Scikit-Learn learning_curve() to Evaluate Models

learning_curve() is a useful function for understanding the performance of a model relative to the size of the training dataset. It helps in identifying whether the model suffers from high variance or high bias by plotting the training and validation scores.

The learning_curve() function trains the model on different subsets of the training data and evaluates it on the validation set, providing insights into how the training size affects performance. Key hyperparameters include estimator (the model to be trained), train_sizes (the proportion of the dataset to use for generating learning curves), and cv (the cross-validation splitting strategy). This function is suitable for any predictive modeling task such as classification or regression to diagnose model learning behavior.

import numpy as np
import matplotlib.pyplot as plt
from sklearn.datasets import make_classification
from sklearn.model_selection import learning_curve
from sklearn.linear_model import LogisticRegression

# Generate a binary classification dataset
X, y = make_classification(n_samples=1000, n_features=20, n_classes=2, random_state=1)

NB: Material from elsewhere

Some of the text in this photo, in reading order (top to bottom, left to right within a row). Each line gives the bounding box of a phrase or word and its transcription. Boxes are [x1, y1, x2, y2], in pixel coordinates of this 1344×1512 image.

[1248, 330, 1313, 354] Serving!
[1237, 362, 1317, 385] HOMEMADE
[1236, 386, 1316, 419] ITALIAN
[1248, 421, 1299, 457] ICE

# Create a Logistic Regression model
model = LogisticRegression()

# Use learning_curve to get train and test scores
train_sizes, train_scores, test_scores = learning_curve(model, X, y, cv=5, train_sizes=np.linspace(0.1, 1.0, 10))

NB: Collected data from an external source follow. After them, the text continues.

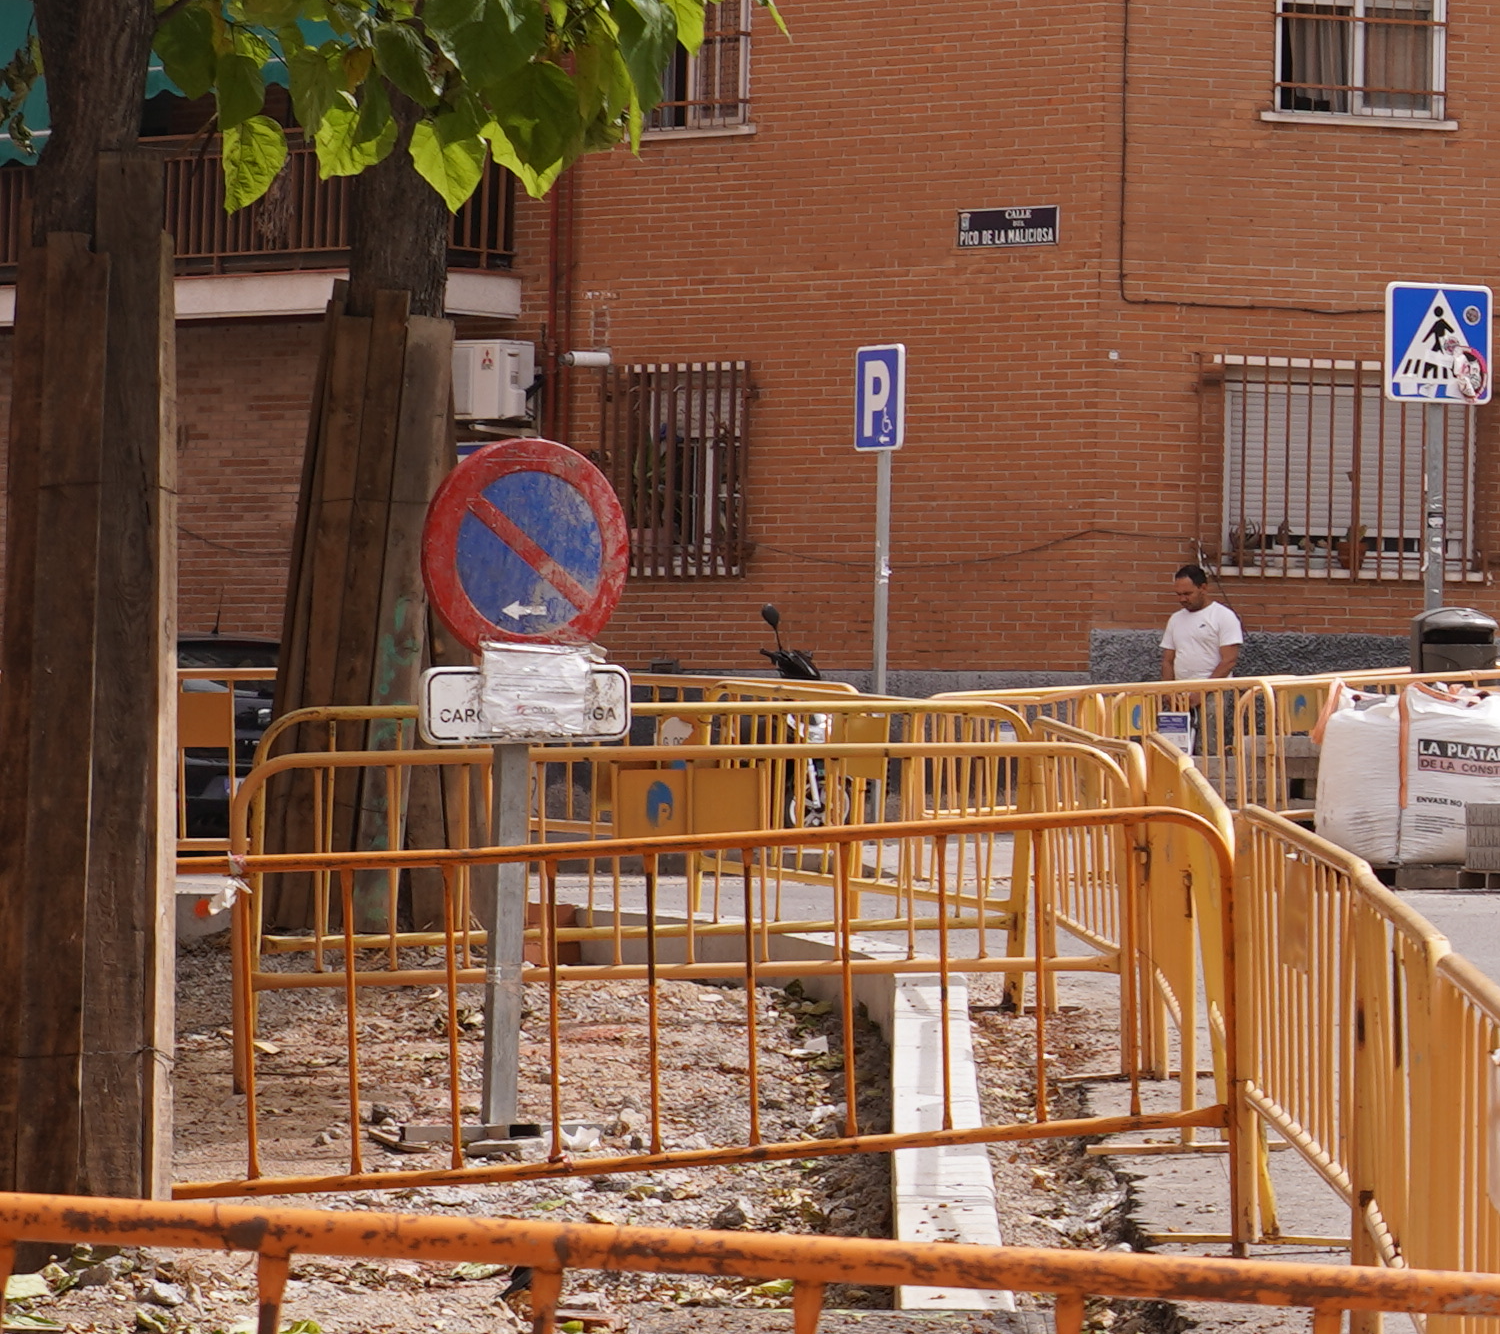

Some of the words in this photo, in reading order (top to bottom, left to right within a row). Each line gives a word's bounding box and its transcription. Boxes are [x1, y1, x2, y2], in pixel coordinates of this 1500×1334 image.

[1005, 209, 1032, 219] CALLE
[960, 231, 979, 245] PICO
[982, 230, 993, 244] DE
[995, 229, 1006, 243] LA
[1008, 227, 1054, 243] MALICIOSA
[863, 360, 891, 438] P
[1419, 741, 1440, 755] LA
[1420, 759, 1437, 769] DE
[1440, 762, 1455, 771] LA
[1416, 796, 1448, 805] ENVASE
[1450, 799, 1462, 808] NO

# Calculate mean and standard deviation for plotting
train_scores_mean = np.mean(train_scores, axis=1)
train_scores_std = np.std(train_scores, axis=1)
test_scores_mean = np.mean(test_scores, axis=1)
test_scores_std = np.std(test_scores, axis=1)

# Plot learning curves
plt.figure()
plt.title("Learning Curves (Logistic Regression)")
plt.xlabel("Training Examples")
plt.ylabel("Score")
plt.grid()

# Plot the average training and test scores
plt.fill_between(train_sizes, train_scores_mean - train_scores_std, train_scores_mean + train_scores_std, alpha=0.1, color="r")
plt.fill_between(train_sizes, test_scores_mean - test_scores_std, test_scores_mean + test_scores_std, alpha=0.1, color="g")
plt.plot(train_sizes, train_scores_mean, 'o-', color="r", label="Training score")
plt.plot(train_sizes, test_scores_mean, 'o-', color="g", label="Cross-validation score")

plt.legend(loc="best")
plt.show()

Running the example gives an output like:

1. First, a synthetic binary classification dataset is generated using the make_classification() function. This creates a dataset with a specified number of samples (n_samples), features (n_features), and a fixed random seed (random_state) for reproducibility.

2. A LogisticRegression model is instantiated.

3. The learning_curve() function is used to compute the training and test scores for different training set sizes with 5-fold cross-validation. This involves training the model on increasingly larger portions of the training data and evaluating the performance on the validation set.

4. The mean and standard deviation of the training and test scores are calculated for plotting.

5. The learning curves are plotted showing the training and cross-validation scores against the number of training examples, providing a visual representation of how the training size impacts model performance.

This example demonstrates how to use learning_curve to visualize the impact of training set size on model performance, helping to diagnose potential issues with bias or variance in the model.